Sounds to me like you were trying to equalize to hard, rupturing some sinus vessels.

Instructions for Equalizing Ears and Sinuses

Middle ear and sinus barotrauma are the most common injuries associated with exposure to increasing and decreasing pressure. Descent in the water adds approximately one-half pound of pressure for each foot of descent and diminishes a similar amount on ascent. According to Boyle's Law, as the pressure increases on descent, the volume of a gas in an enclosed space decreases proportionately. As the pressure decreases on ascent, the volume of the gas increases proportionately. On descent it is imperative that all enclosed air filled spaces be equalized actively or passively. On ascent, the increasing volume usually vents itself naturally.

For equalization to be effective, you should be free of nasal or sinus infections or allergic reactions. The lining of the nose, throat and eustachian tubes should be as normal as possible. If this is true, the following techniques are effective in reducing middle ear and sinus squeeze.

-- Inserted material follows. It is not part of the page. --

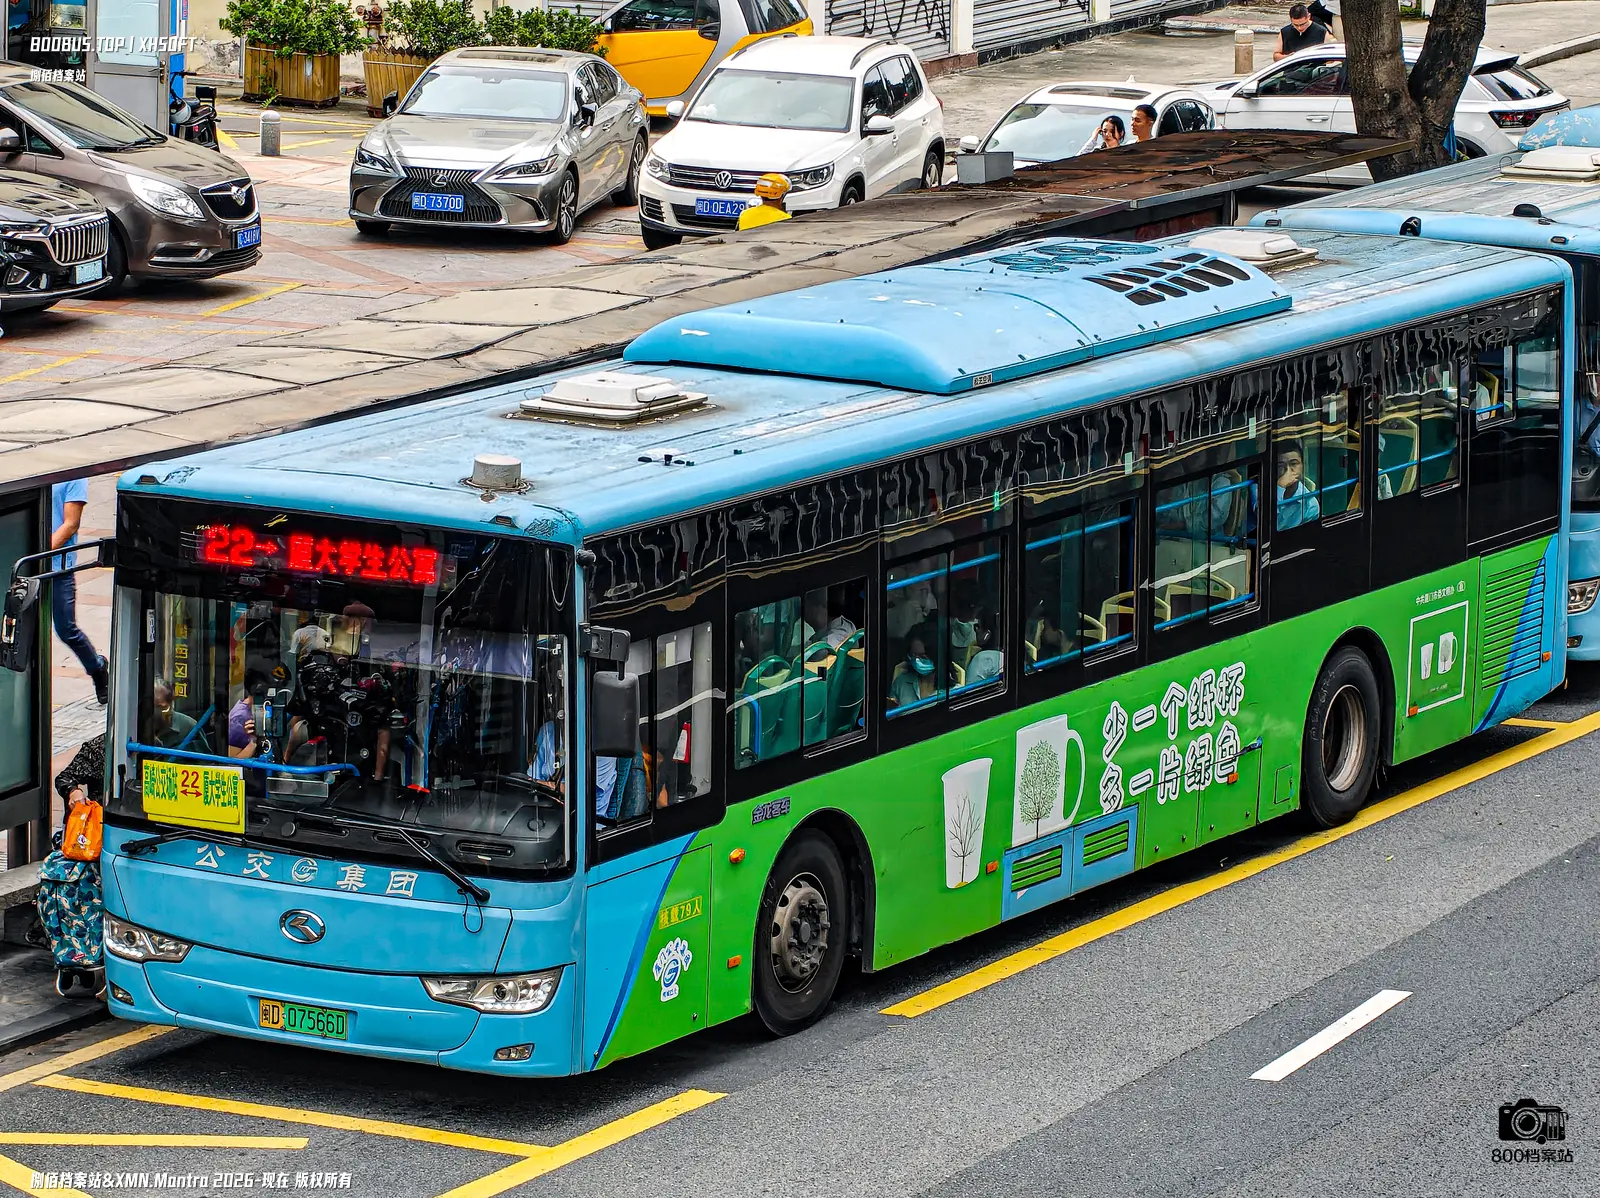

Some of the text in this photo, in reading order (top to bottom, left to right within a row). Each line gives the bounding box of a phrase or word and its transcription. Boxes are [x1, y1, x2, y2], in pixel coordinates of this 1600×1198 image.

Prior to descent, neutrally buoyant, with no air in your buoyancy compensator, gently inflate your ears with one of the techniques listed below. This gives you a little extra air in the middle ear and sinuses as you descend.
Descend feet first, if possible. This allows air to travel upward into the Eustachian tube and middle ear, a more natural direction. Use a descent line or the anchor line.
Inflate gently every few feet for the first 10 to 15 feet.
Pain is not acceptable. If there is pain, you have descended without adequately equalizing.
If you do not feel your ears opening, stop, try again, perhaps ascending a few feet to diminish the pressure around you. Do not bounce up and down. Try to tilt the blocked ear upward.
If you are unable to equalize, abort the dive. The consequences of descending without equalizing could ruin an entire dive trip or produce permanent damage and hearing loss.
If your doctor agrees, you may use decongestants and nasal sprays prior to diving to reduce swelling in the nasal and ear passages. Take them one to two hours before descent. They should last from eight to 12 hours so you don't need to take a second dose before a repetitive dive. Nasal sprays should be taken thirty minutes before descent and usually last twelve hours. Take caution when using over-the-counter nasal sprays. Repeated use can cause a rebound reaction with worsening of congestion and possible reverse block on ascent.
If at any time during the dive you feel pain, have vertigo (the whirlies) or note sudden hearing loss, abort the dive. If these symptoms persist, do not dive again and consult your physician.

Equalizing Techniques
Passive - requires no effort
Valsalva - increase nasopharynx pressure by holding nose and breathing against a closed glottis (throat)
Toynbee - swallowing with mouth and nose closed - good for ascent!
Frenzel - Valsalva while contracting throat muscles with a closed glottis
Lowry - Valsalva plus Toynbee - holding nose, gently trying to blow air out of nose while swallowing - easiest and best method!
Edmonds - jutting jaw forward plus Valsalva and/or Frenzel (good method)
Miscellaneous - swallowing, wiggling jaws - good for ascent!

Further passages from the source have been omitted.